The choice of treatment depends upon the type of cancer and its stage at the time of diagnosis.
There are many treatment options for vaginal cancer. Treatment for any cancer aims to cure the disease, but if this is not possible, the focus shifts to preventing the tumour from growing or spreading thereby, increasing life expectancy and maintaining a good quality of life.
Treatment options for vaginal cancer include:
- Radiation therapy.
Treatment is influenced by many factors such as:
- Stage of the cancer.
- Location, size and shape of the tumour.
- Whether the tumour cells are squamous cell or adenocarcinoma.
- If you had a past radiation treatment done to the pelvis.
- Your age and general health.
- Your preferences (such as your goals of treatment and the side effects you're willing to endure).
Most cases of vaginal cancer are treated by surgery and radiation.
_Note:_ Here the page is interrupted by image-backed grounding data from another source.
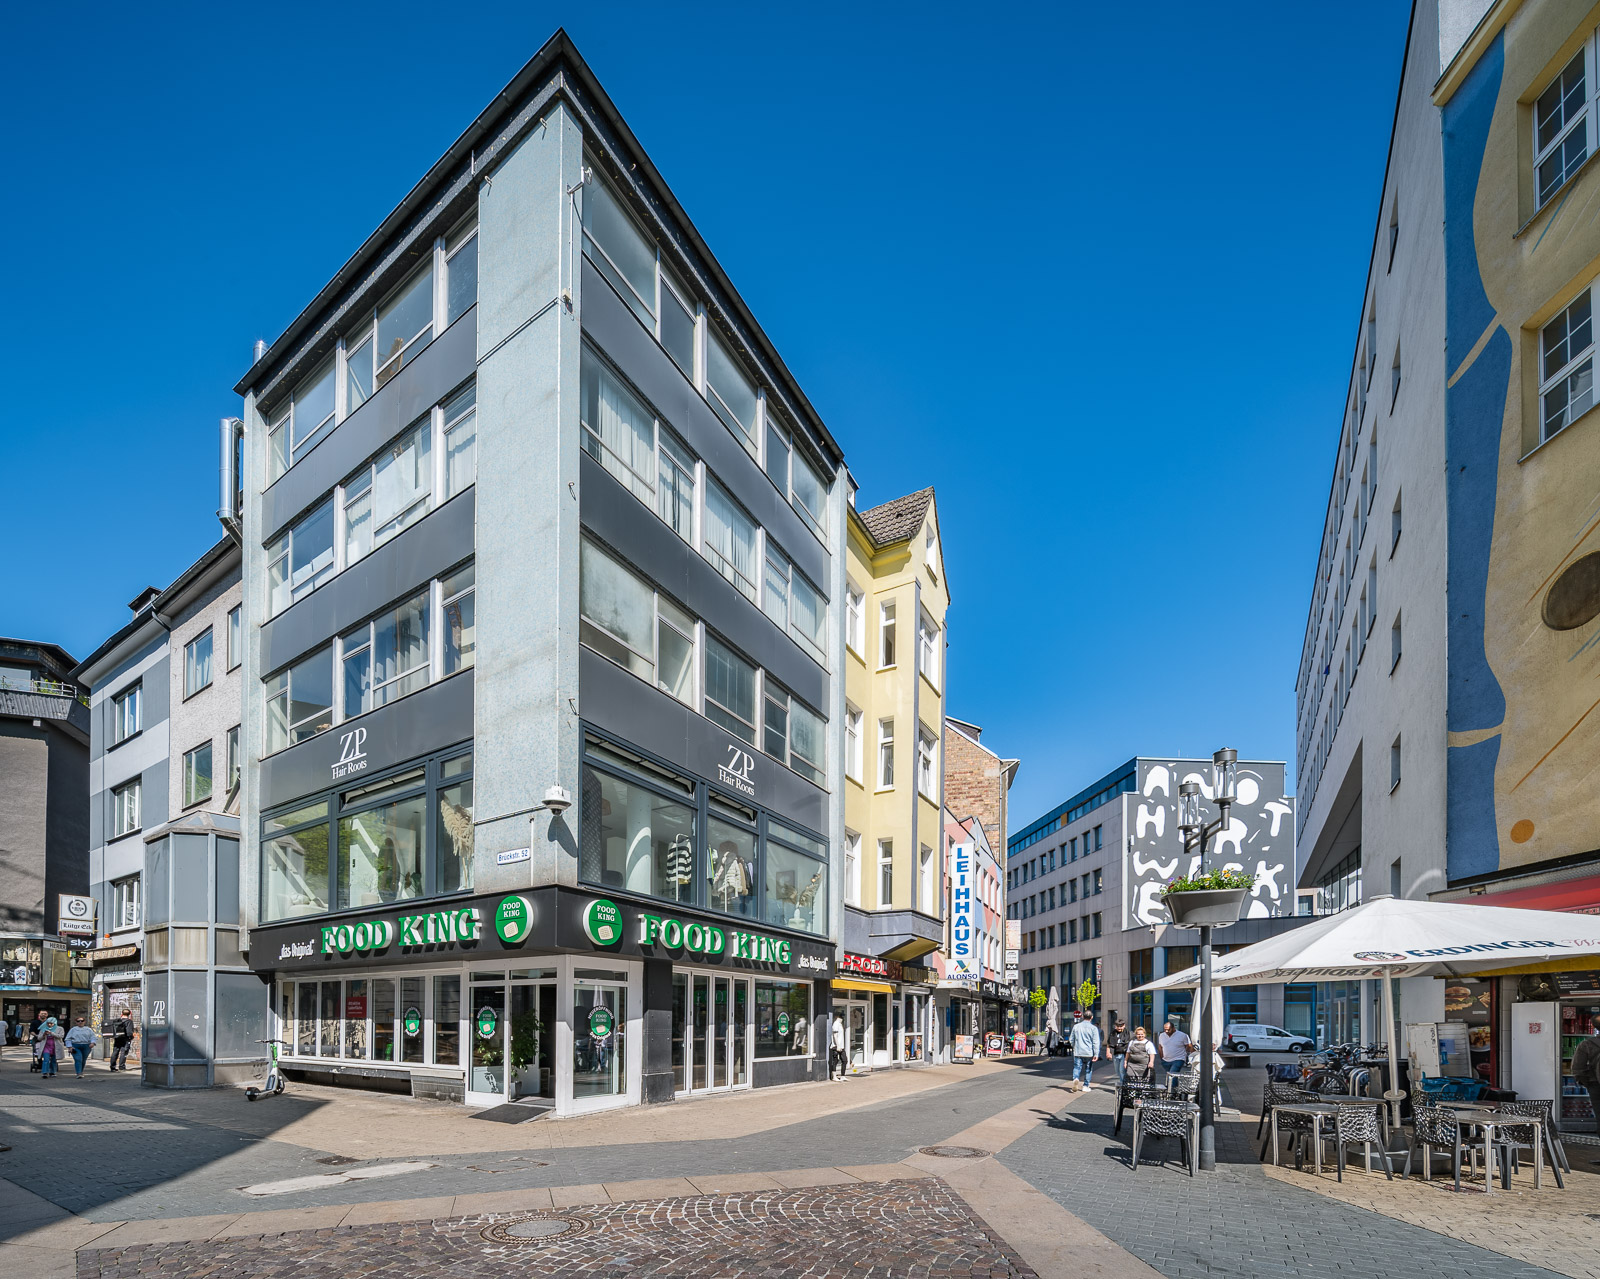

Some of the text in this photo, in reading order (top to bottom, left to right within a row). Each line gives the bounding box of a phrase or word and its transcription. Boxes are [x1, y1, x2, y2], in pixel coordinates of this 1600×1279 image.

[339, 727, 367, 762] ZP
[332, 760, 367, 779] Hair Roots
[727, 744, 755, 780] ZP
[718, 769, 755, 796] Hair Roots
[498, 849, 528, 862] Brückstr. 52
[502, 901, 521, 910] FOOD
[596, 904, 616, 915] FOOD
[954, 847, 970, 956] LEIHHAUS
[503, 908, 520, 918] KING
[597, 912, 615, 922] KING
[320, 920, 393, 954] FOOD
[398, 908, 483, 947] KING
[638, 913, 725, 954] FOOD
[731, 931, 792, 965] KING
[70, 939, 92, 948] sky
[1405, 940, 1569, 957] ERDINGER
[153, 1000, 165, 1016] ZP
Radiation therapy: Radiation therapy (also called radiotherapy) uses high-powered energy beams (x-rays or other types of radiation) to destroy cancer cells and shrink tumours. Radiation therapy is directed at the cancer cells. Radiotherapy, however, damages normal cells of the body and can cause several side effects such as fatigue, nausea and vomiting and erythema of skin. Your doctor will recommend a treatment based on the severity of the symptoms. The two types of radiation therapy used for treatment of vaginal cancer include:
- External beam radiation: in this process, radiation is given by a machine placed outside your body. The machine directs the beam of radiation to specific points on your body (radiation at your pelvis or abdomen or wherever the cancer has spread). Most women with vaginal cancer are treated with external beam radiation.
- Internal radiation (brachytherapy): In this technique, a radiation-filled device such as small seeds, wires or a cylinder is placed inside the vagina or the surrounding tissue for a short period of time. The device is removed after a pre-specified number of days. In the early-stage of vaginal cancer, only internal radiation may be given. Some women may be given internal radiation after external radiotherapy.
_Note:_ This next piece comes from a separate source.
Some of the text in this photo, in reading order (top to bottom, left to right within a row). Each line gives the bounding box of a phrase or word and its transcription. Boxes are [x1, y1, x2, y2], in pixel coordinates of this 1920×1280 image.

Chemotherapy: Chemotherapy is a mode of cancer treatment, which uses certain drugs to destroy or kill cancer cells. As the effectiveness of chemotherapy in women with vaginal cancer is not established, it is generally not used on its own to treat vaginal cancer. It is usually given along with radiation therapy (as chemotherapy can enhance the effectiveness of radiation).
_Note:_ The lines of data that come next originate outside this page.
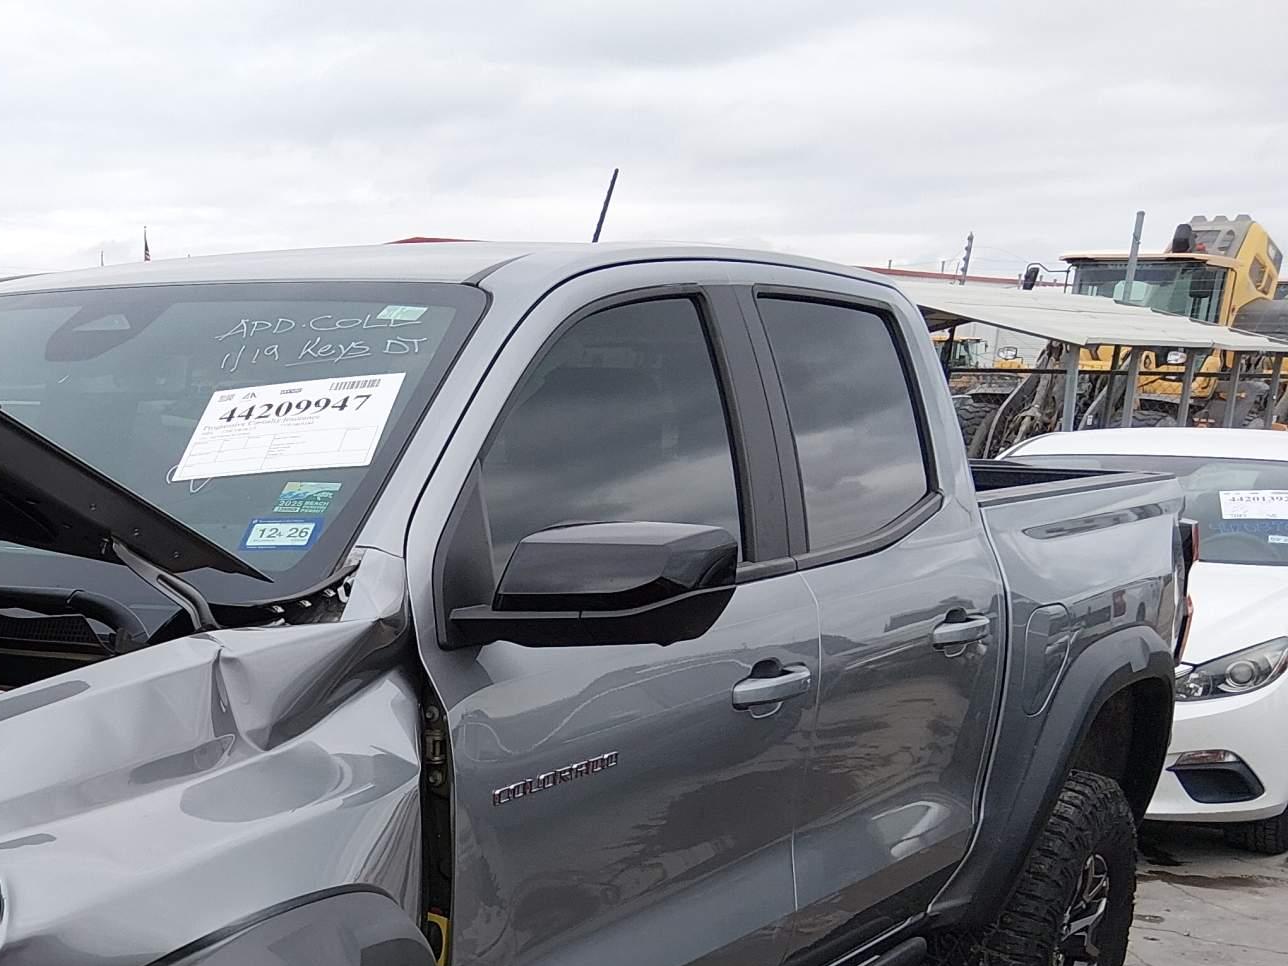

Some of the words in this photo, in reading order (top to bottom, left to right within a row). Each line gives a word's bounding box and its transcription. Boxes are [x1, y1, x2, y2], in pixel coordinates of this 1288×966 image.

[219, 394, 373, 423] 44209947
[259, 527, 279, 538] 12
[286, 527, 309, 538] 26
[493, 751, 619, 806] COLORADO
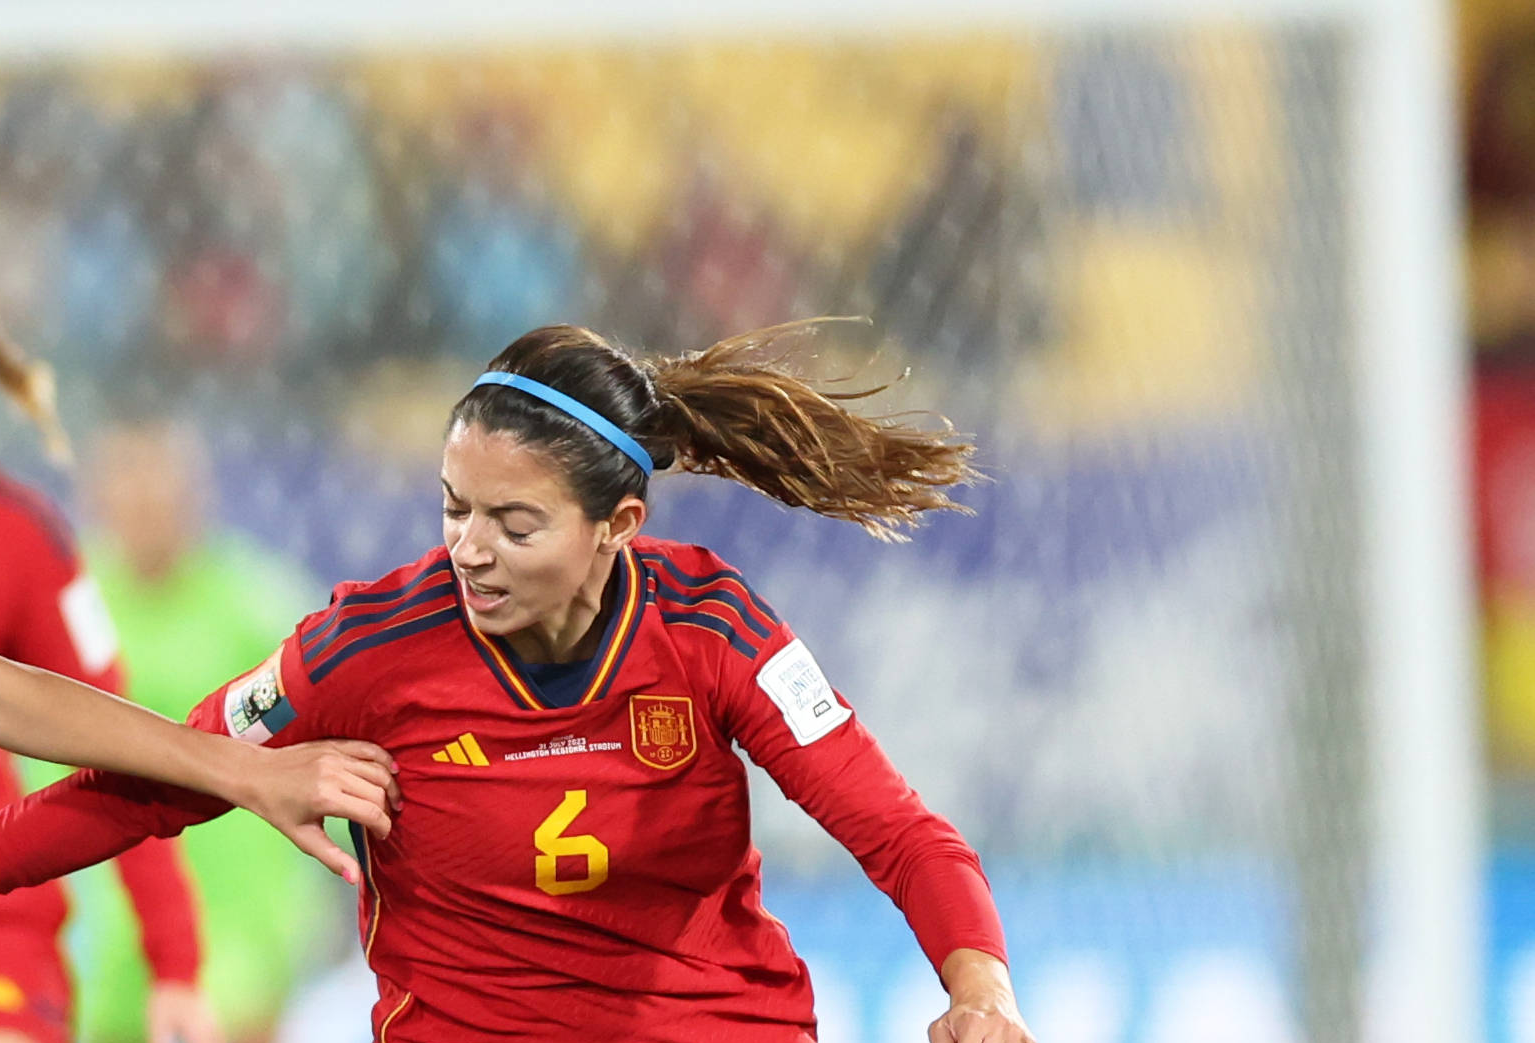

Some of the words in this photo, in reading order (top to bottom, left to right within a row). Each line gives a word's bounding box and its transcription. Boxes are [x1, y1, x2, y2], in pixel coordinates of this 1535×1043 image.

[504, 749, 550, 761] WELLINGTON
[551, 745, 587, 756] REGIONAL
[589, 742, 622, 752] STADIUM
[549, 741, 566, 749] JULY
[567, 737, 586, 746] 2023
[534, 790, 609, 896] 6
Surgery: Surgery aims to remove (if possible) all the cancer. It is most often used for the treatment of early stage vaginal cancer i.e. when the cancer is limited to the vagina or is near the tissue. As the pelvis has many important organs, surgery for larger tumours may necessitate the removal of these organs. In these cases, other treatment methods may be used to control the cancer before attempting a surgery. Different surgeries done in women with vaginal cancer include:
- Removal of the tumour or lesion if the tumor is small.
- Removal of a part of the vagina (partial vaginectomy) or the entire vagina (radical vaginectomy).
- Removal of a majority of the pelvic organs (pelvic exenteration).
Surgery that is done depends on the stage and extent of tumour. Your doctor will decide the type of surgery that is needed after repeated discussions with you and examination (including tests). In case the vagina is completely removed, your doctor may do a surgery to construct a new vagina.